Holding your Teton County property in a Wyoming LLC creates a legal separation between the property's liability and your other personal and business assets. If a guest is injured on the property and brings a claim, the claim is against the LLC, not against your personal accounts, your other properties, or your other business interests.

This separation works as designed only when the LLC is properly maintained: separate bank account for property expenses, no commingling of personal and LLC funds, and documentation that the LLC is a real and separate entity.


Ranch and Agricultural Properties

Teton County has significant agricultural and ranch land. Some of this land qualifies for agricultural tax valuation under Wyoming law, which can significantly reduce property tax assessments.

Agricultural valuation in Wyoming is based on the productive value of the land for agricultural use, not on its market value. For Teton County land where market values are extremely high but agricultural use is the actual use, this distinction can represent a substantial tax benefit.

When a ranch is transferred to an LLC, the agricultural valuation status may need to be re-examined. Wyoming does not automatically continue agricultural valuation when property changes ownership, and the transfer to an LLC may be treated as a change in ownership depending on how the transfer is documented.

If your Teton County property qualifies for or currently has agricultural valuation, work with a Wyoming real estate attorney to structure the transfer in a way that does not inadvertently trigger a reassessment.


The Holding Company Structure for Multi-Property Owners

Many Teton County property owners have assets in multiple states. A ski property in Wyoming, a primary residence in another state, and perhaps investment properties elsewhere.

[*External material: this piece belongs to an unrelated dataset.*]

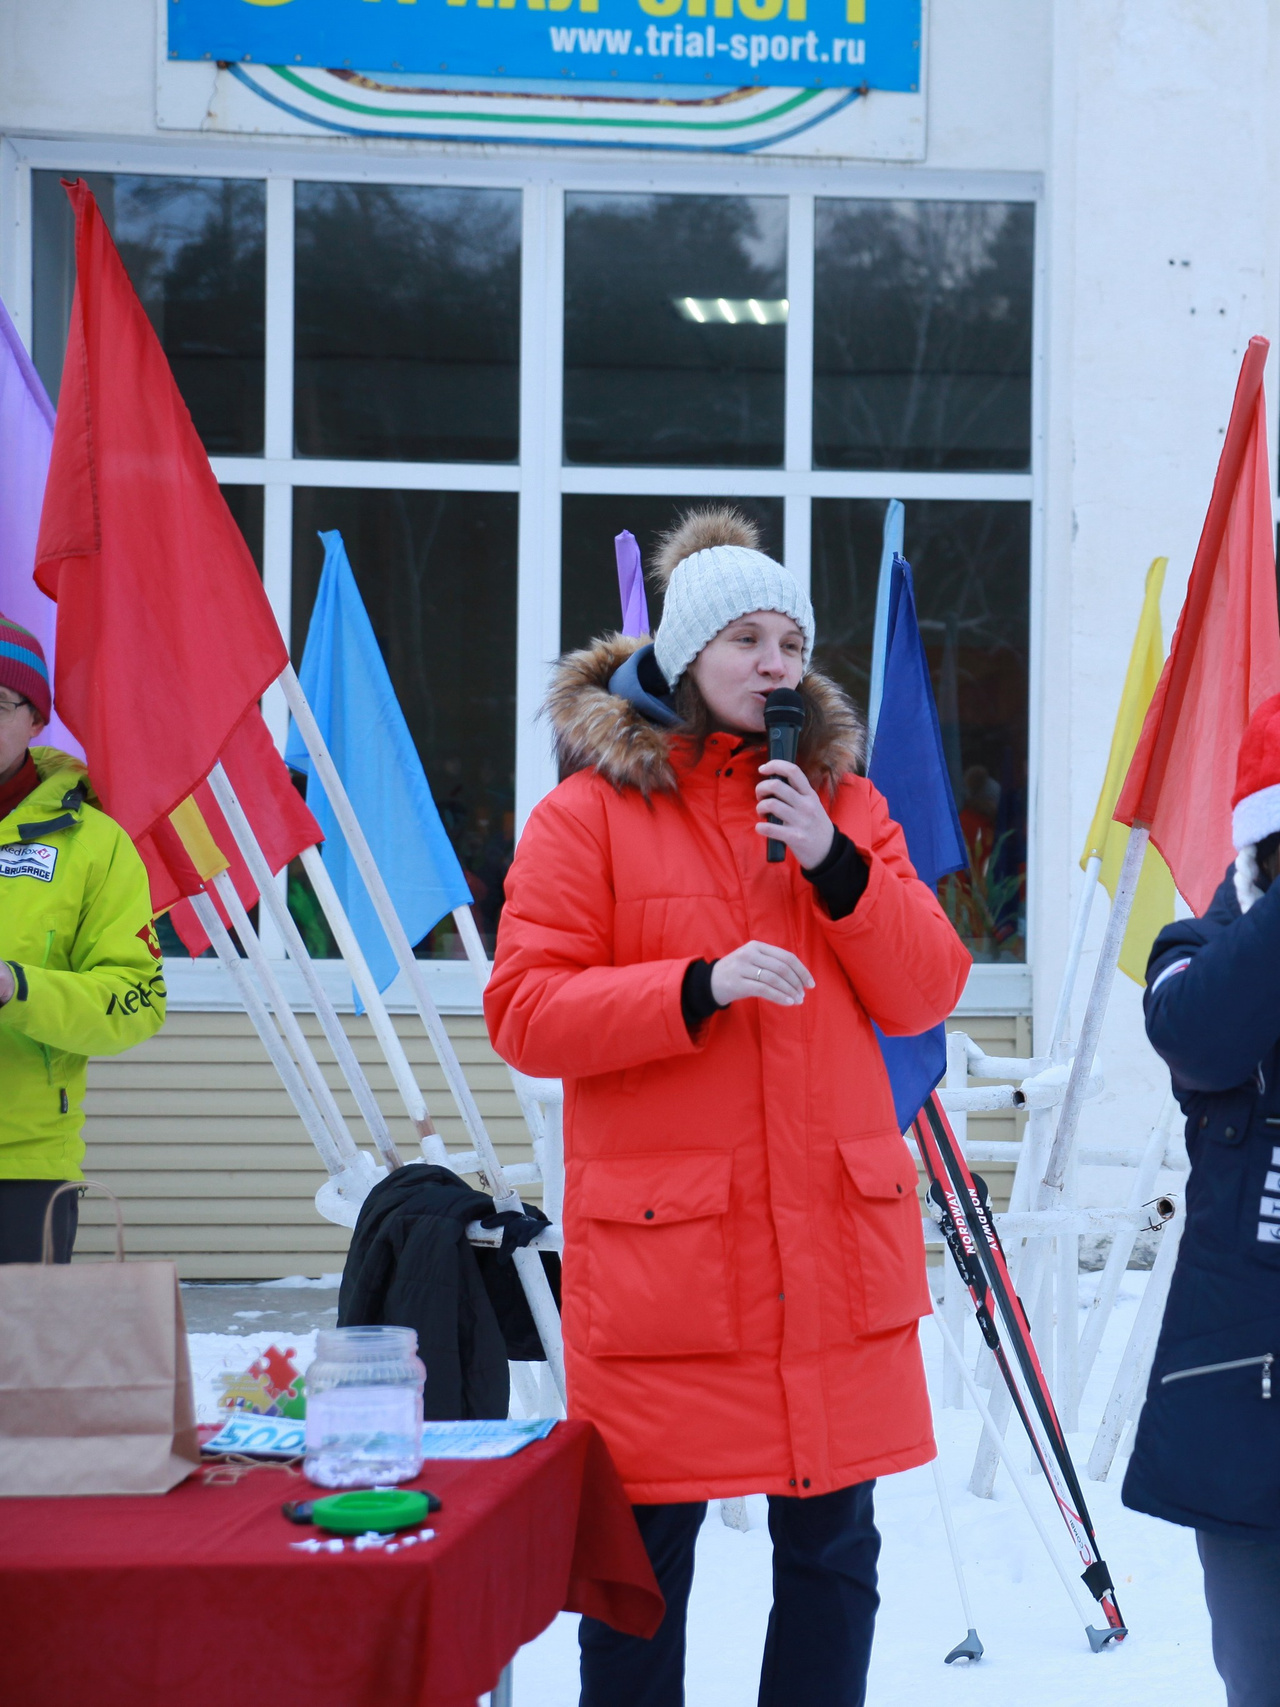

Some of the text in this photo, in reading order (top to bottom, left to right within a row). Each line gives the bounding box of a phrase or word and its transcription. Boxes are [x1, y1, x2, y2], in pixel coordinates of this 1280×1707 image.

[550, 24, 865, 67] www.trial-sport.ru
[945, 1190, 977, 1255] NORDWAY
[967, 1187, 999, 1252] NORDWAY
[209, 1422, 308, 1452] 500

The Wyoming holding company structure, where a Wyoming parent LLC holds membership interests in operating entities in each state, is designed for this situation. The Wyoming parent provides a stable private layer at the top of the structure. If one operating entity has a problem, the holding company and the other operating entities are insulated.

Anderson Business Advisors attorney Clint Coons routinely recommends Wyoming as the holding-company jurisdiction for high-value real estate, citing the combination of charging order strength, member-name non-disclosure, and low annual cost. Clint Coons, Anderson Business Advisors. (https://www.youtube.com/@ClintCoons)

For more on how that structure works, the Wyoming holding company guide for real estate investors covers the parent-sub architecture in detail. The Wyoming charging order page covers the specific legal protection and how it applies to your ownership interest.


The Recent FinCEN Ruling and What It Means

There has been ongoing discussion about federal reporting requirements for real estate held in LLCs. A rule that would have required reporting of cash purchases of residential real estate through entities was vacated by a federal court in March 2026.

The vacatur removes a reporting burden that would have applied to many Teton County property transactions. Wyoming LLC owners who buy properties through their entities for legitimate asset protection and tax planning purposes are not required to report under the vacated rule. The ruling is appealable, and the situation may evolve, but as of 2026 the requirement is not in effect.

For more on this, the FinCEN real estate rule update covers the ruling and what it means for Wyoming LLC owners holding real estate.


Getting Started

A Wyoming LLC for a Teton County property involves a Certificate of Formation with the Wyoming Secretary of State, a Wyoming registered agent, and an operating agreement that documents the ownership and governance of the entity.

If you are transferring an existing property into the LLC, a quitclaim deed or warranty deed transferring the property from your name to the LLC's name is required. This deed is filed with the Teton County Clerk and triggers a review of the property tax status.

For new purchases, having the LLC formed before the closing date allows the purchase to be made directly in the LLC's name, which avoids the transfer deed step.